Ken Loach sends Iraq war film into Cannes battle

Cannes, May 19: Britain’s Ken Loach sought Wednesday to match the Oscar success of “The Hurt Locker” when he sent his own Iraq war film into the battle for the Cannes top prize.

“Route Irish,” named after the most dangerous stretch of road in Iraq that leads from the airport to Baghdad’s Green Zone, had a press screening at the French Riviera film festival a day ahead of its red carpet premiere.

Loach, who scooped the top prize at Cannes in 2006 with a film about Ireland’s fight for independence from British rule, only entered “Route Irish” into the Cannes race a couple of days before the festival kicked off last week.

The film follows two British former soldiers who go to Iraq as private security contractors.

When one is killed on Route Irish in mysterious circumstances, his friend — wracked by guilt — rejects the official explanation and tries to find out what really happened.

Feature films about the conflict in Iraq had been viewed as commercial and critical poison until last year’s “The Hurt Locker,” a nerve-jangling story about a US Army bomb disposal squad in Iraq.

When that film, by US director Kathryn Bigelow, took the best picture Oscar award in March, critics were forced to revise the conventional wisdom that any movie depicting the unpopular war was destined for failure.

Then this year came the political thriller “Green Zone,” starring Matt Damon, best known for his portrayal of amnesiac assassin Jason Bourne in the trilogy of “Bourne” blockbusters.

“Green Zone,” which follows a US army officer as his team hunts in vain for weapons of mass destruction in the period just after Saddam Hussein was toppled, was a critical and commercial success.

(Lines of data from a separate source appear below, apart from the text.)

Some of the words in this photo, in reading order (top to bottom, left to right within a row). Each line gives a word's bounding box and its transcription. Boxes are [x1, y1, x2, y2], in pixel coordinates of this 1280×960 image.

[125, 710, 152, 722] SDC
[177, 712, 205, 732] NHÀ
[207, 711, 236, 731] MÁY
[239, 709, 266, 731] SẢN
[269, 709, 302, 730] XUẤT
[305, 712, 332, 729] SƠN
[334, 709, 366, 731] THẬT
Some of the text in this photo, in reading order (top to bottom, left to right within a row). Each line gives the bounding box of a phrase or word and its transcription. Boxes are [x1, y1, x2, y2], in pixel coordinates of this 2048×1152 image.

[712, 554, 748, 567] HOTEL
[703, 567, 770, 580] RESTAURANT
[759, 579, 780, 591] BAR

Loach, whose “Route Irish” is one of 19 films vying for the Palme d’Or to be handed out on Sunday, last year entered “Looking For Eric” for the top prize at Cannes.

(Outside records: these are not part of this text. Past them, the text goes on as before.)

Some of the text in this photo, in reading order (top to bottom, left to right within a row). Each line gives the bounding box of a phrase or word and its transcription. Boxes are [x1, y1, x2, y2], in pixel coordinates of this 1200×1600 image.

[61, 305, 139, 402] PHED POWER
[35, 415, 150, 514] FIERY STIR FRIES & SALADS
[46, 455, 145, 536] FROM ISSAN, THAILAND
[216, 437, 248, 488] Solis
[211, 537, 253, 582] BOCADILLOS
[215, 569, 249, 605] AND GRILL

That movie starred former Manchester United football star Eric Cantona as the imaginary mentor of a Manchester postman down on his luck.

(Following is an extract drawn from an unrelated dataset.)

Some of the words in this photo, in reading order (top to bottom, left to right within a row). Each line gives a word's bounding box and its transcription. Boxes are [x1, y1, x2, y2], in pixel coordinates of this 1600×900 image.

Loach is the second British director in this year’s race, the other being Mike Leigh, who is presenting “Another Year.”

The 12-day festival has hit the halfway mark with Leigh’s tale of a happily married middle-aged couple leading the race, according to a panel of international critics.

A slew of movies screening at the 63rd Cannes festival play out family and marital dramas, with the Iraq war, France’s colonial fall-out in Algeria and the Russian front in World War II providing wider historical themes.

Critics cited in trade papers Screen and Le Film Francais both tip Leigh as potential Palme winner to date.

But another panel of film supremos in Screen believe a costume drama by France’s Bertrand Tavernier, “The Princess of Montpensier”, may be headed for the stars, along with a rare offering from Africa, “A Screaming Man” by Mahamat-Saleh Haroun.

French critics on the other hand favour “Biutiful” by Alejandro Gonzalez Inarritu, the Mexican director behind “Amores Perros” and “Babel”.